Solimano is a Baroque opera in three acts by Davide Perez (1711–1778). A first version was premiered for the carnival in 1757 in the Palace of Ajuda in Lisbon. The revised version of 1768 performed for the birthday of Mariana Victoria of Spain is however much more widely known.

==Action==
A previous work entitled Solimano (1753) by Johann Adolph Hasse based on the libretto by Giovanni Ambrogio Migliavacca told the tale of two pairs of Turkish and Persian lovers. Perez's version has two Turkish-Turkish couples instead.

The Turkish sultan Solimano (Suleiman the Magnificent) has sent his eldest son Selimo (Selim II) and his half-brother Zanghire (Şehzade Cihangir) into the war against the Shah of Persia, Tamasse (Tahmasp I). As a result of the campaign, Selimo is to marry the daughter of the Shah, Persane, and become ruler of Turkey and Persia. The current sultana Roselane (Hürrem Sultan), mother of Zanghire and stepmother of Selimo, together with Grand Vizier Rustano (Rüstem Pasha) intrigue to eliminate Selimo and to make Zanghire sultan. Solimano goes to Babylon with Osmino and his sister Barsina, who is engaged to Zanghire. There Zanghire proves to be loyal to his brother, reveals the intrigue and kills Rustano. Selimo and his father are reconciled and both original lovers (Selimo and Persane, Zanghire and Barsina) are allowed to marry.

==Second version==
The second version was noteworthy in moving forward the reforms taking place in opera style in the mid-18th century. It contains elements of baroque-style opera seria but mixes them with elements of opera buffa. Compared with traditional Metastasian operatic aesthetics, the libretto for Solimano allowed greater fluency and emotional sensitivity.

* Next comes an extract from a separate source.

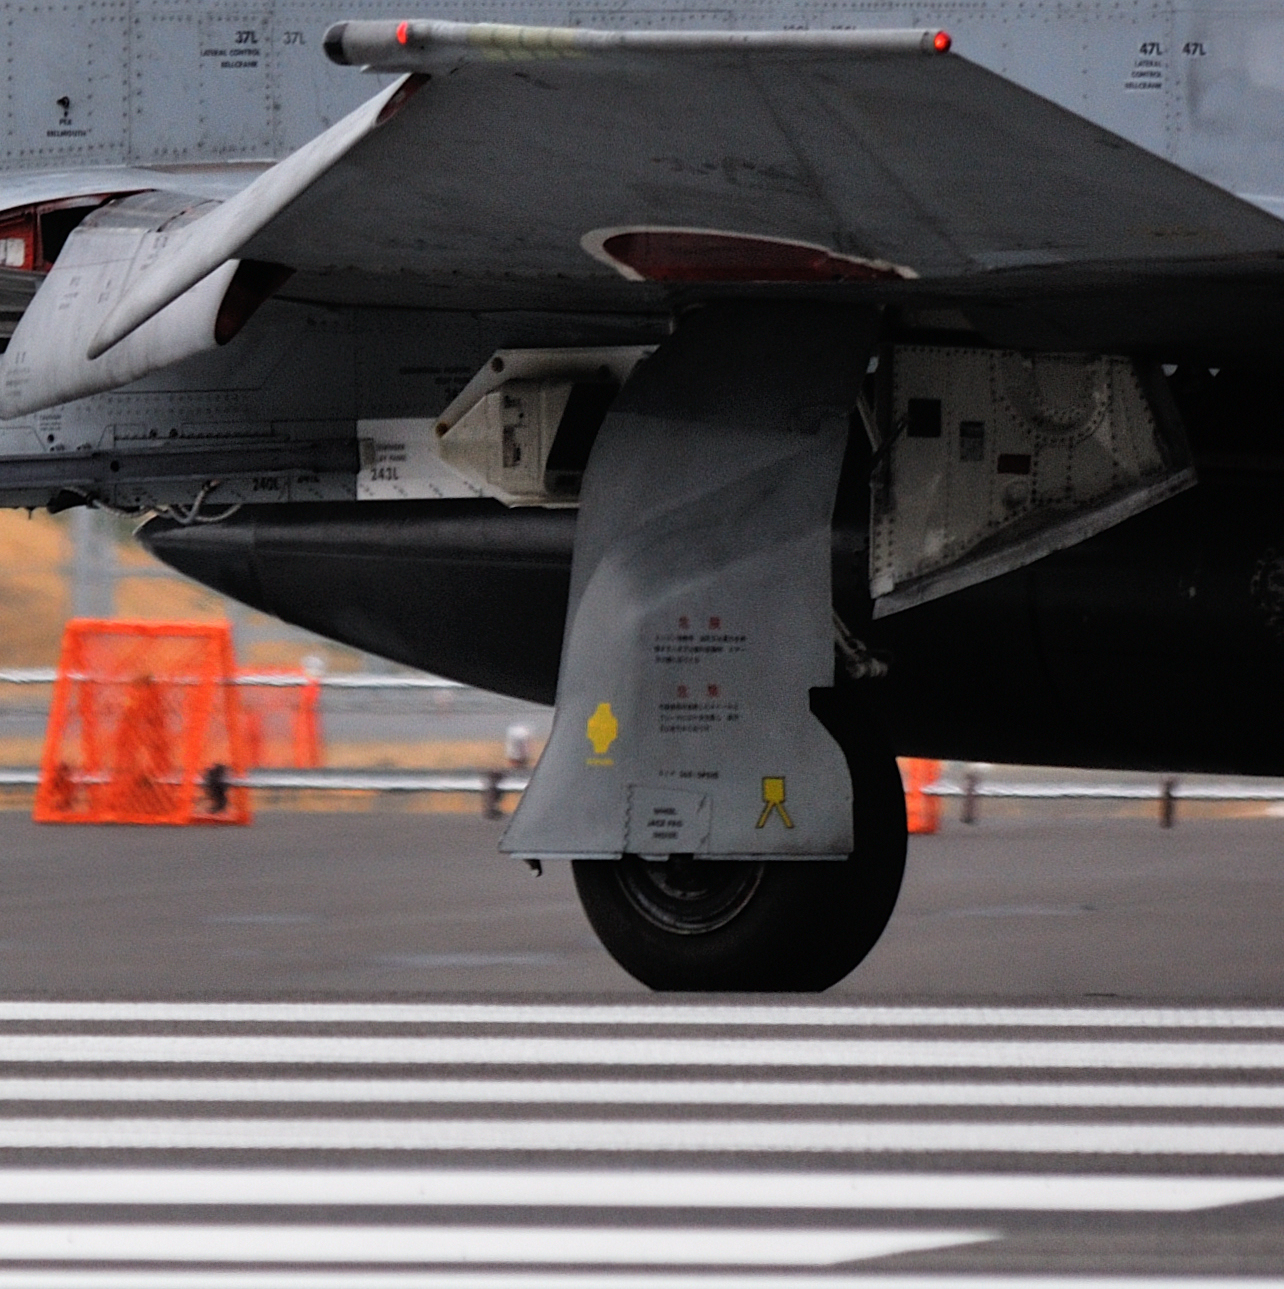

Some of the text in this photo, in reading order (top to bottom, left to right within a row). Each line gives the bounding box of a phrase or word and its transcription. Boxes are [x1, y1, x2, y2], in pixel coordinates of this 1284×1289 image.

Many typical features of baroque opera are attenuated in this version. The ritornelli in each aria are much briefer, and exit arias are often absent. The recitative is mostly orchestrated throughout rather than "secco", and many ensembles are through-composed, combining aria, recitative and chorus in an integrated whole. The vocal lines were generally written to be delivered in a smooth cantabile style, while the orchestral parts supporting them called for a more detached execution.

==Premiere cast==
The cast of the first performance of the second version were:

Luigi Torriani (Solimano), Giuseppe Jozzi (Selimo), Giovanni Battista Vazques (Persane), Giuseppe Orsi (Barsina), Lorenzo Maruzzi (Zanghire), Lorenzo Giorgetti (Osmino).

==Modern revival==
Modern performances of the 1768 version took place in 2010 and again in 2011 under Juan Bautista Otero, with the Real Compañía Ópera de Cámara as part of the Granada Music Festival.